* WORK TASK *
Count the lines below containing "NAZARET". Number only.

::::::

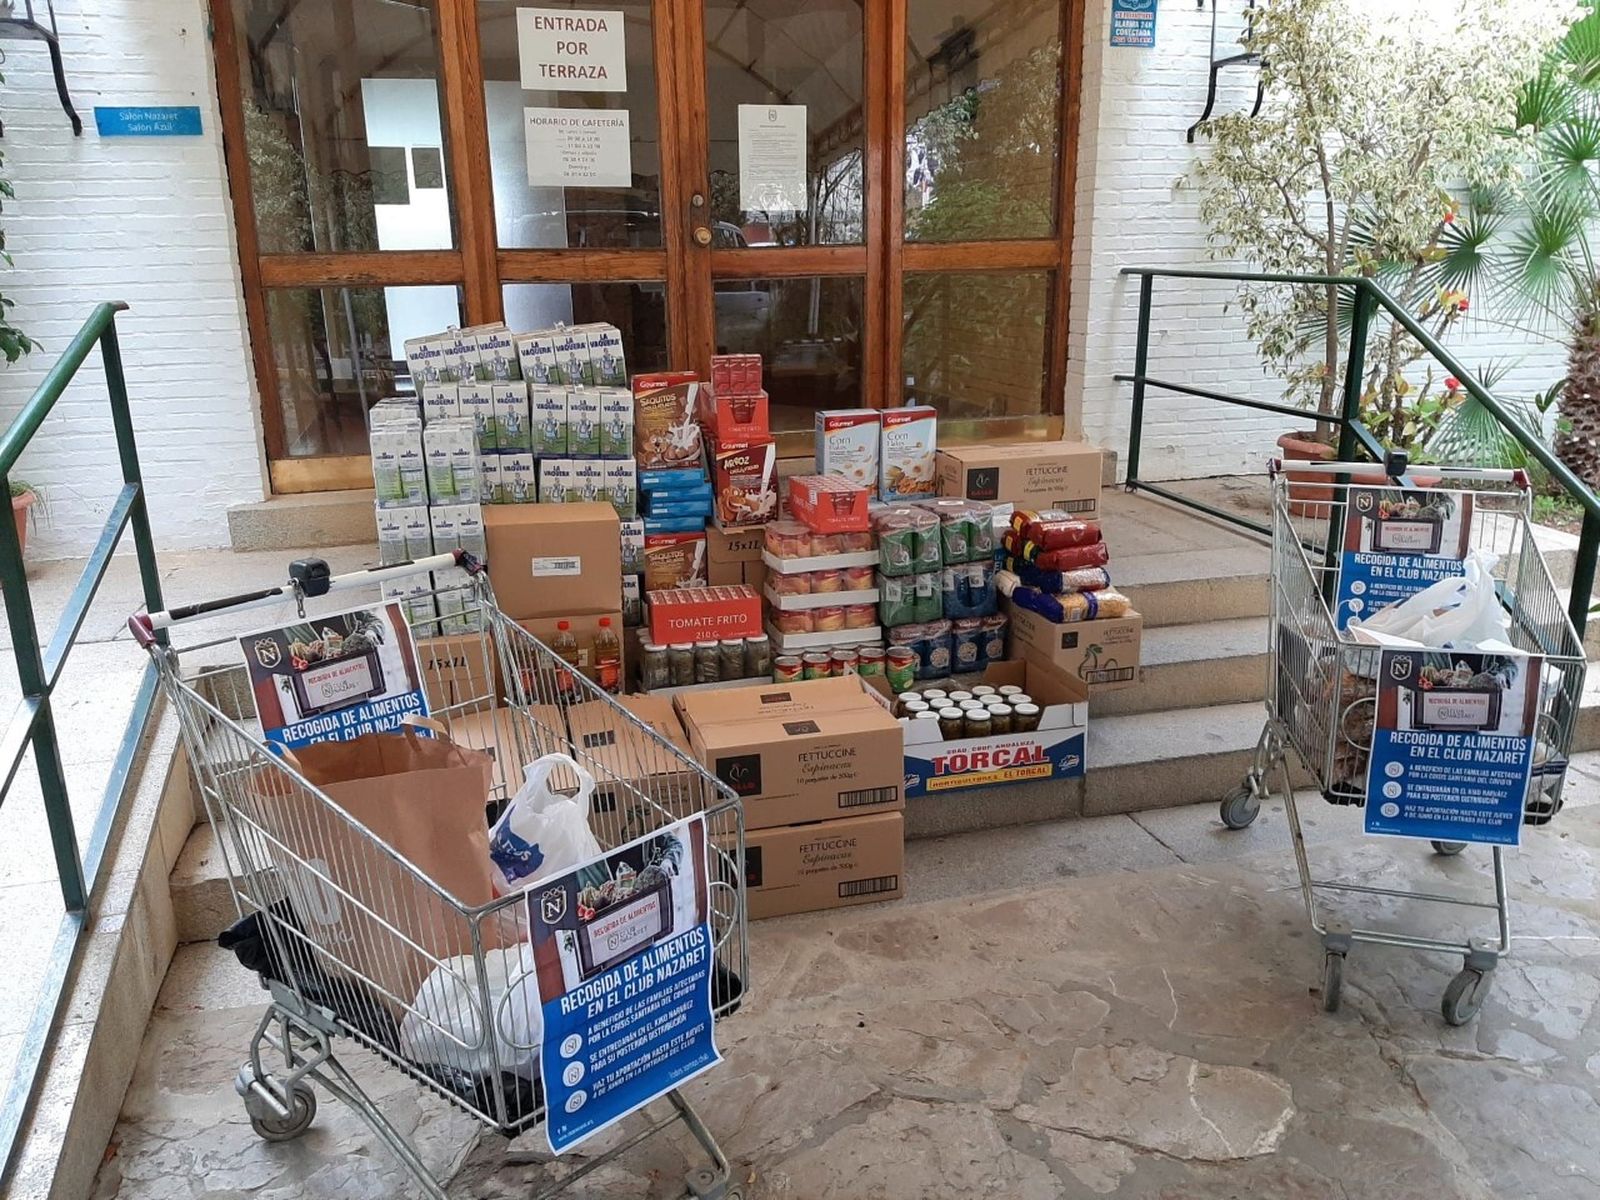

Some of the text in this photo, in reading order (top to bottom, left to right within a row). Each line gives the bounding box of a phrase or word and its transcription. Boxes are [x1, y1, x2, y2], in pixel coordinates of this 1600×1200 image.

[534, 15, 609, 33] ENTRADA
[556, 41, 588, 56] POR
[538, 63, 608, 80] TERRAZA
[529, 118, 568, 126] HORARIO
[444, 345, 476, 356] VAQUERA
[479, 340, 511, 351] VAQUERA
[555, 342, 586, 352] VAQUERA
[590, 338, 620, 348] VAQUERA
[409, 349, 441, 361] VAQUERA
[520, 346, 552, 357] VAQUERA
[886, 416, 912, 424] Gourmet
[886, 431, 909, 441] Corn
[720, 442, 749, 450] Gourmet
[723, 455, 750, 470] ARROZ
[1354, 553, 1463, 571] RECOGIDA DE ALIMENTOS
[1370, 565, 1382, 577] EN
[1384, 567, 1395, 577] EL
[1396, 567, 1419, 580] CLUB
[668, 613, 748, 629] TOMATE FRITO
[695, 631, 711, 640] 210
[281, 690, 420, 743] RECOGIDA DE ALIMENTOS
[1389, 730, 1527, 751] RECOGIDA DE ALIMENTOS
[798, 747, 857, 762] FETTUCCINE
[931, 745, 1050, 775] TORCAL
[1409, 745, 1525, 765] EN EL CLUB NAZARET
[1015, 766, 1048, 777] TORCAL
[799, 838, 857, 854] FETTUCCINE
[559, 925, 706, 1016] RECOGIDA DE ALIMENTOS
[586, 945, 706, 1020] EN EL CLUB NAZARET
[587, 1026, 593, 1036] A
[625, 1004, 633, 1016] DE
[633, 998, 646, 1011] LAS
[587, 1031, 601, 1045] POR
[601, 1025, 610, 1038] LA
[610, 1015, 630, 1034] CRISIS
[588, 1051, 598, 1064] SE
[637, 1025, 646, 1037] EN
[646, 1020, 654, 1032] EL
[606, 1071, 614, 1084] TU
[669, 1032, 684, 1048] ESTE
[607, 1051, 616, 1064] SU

::::::

* TASK RESPONSE *
2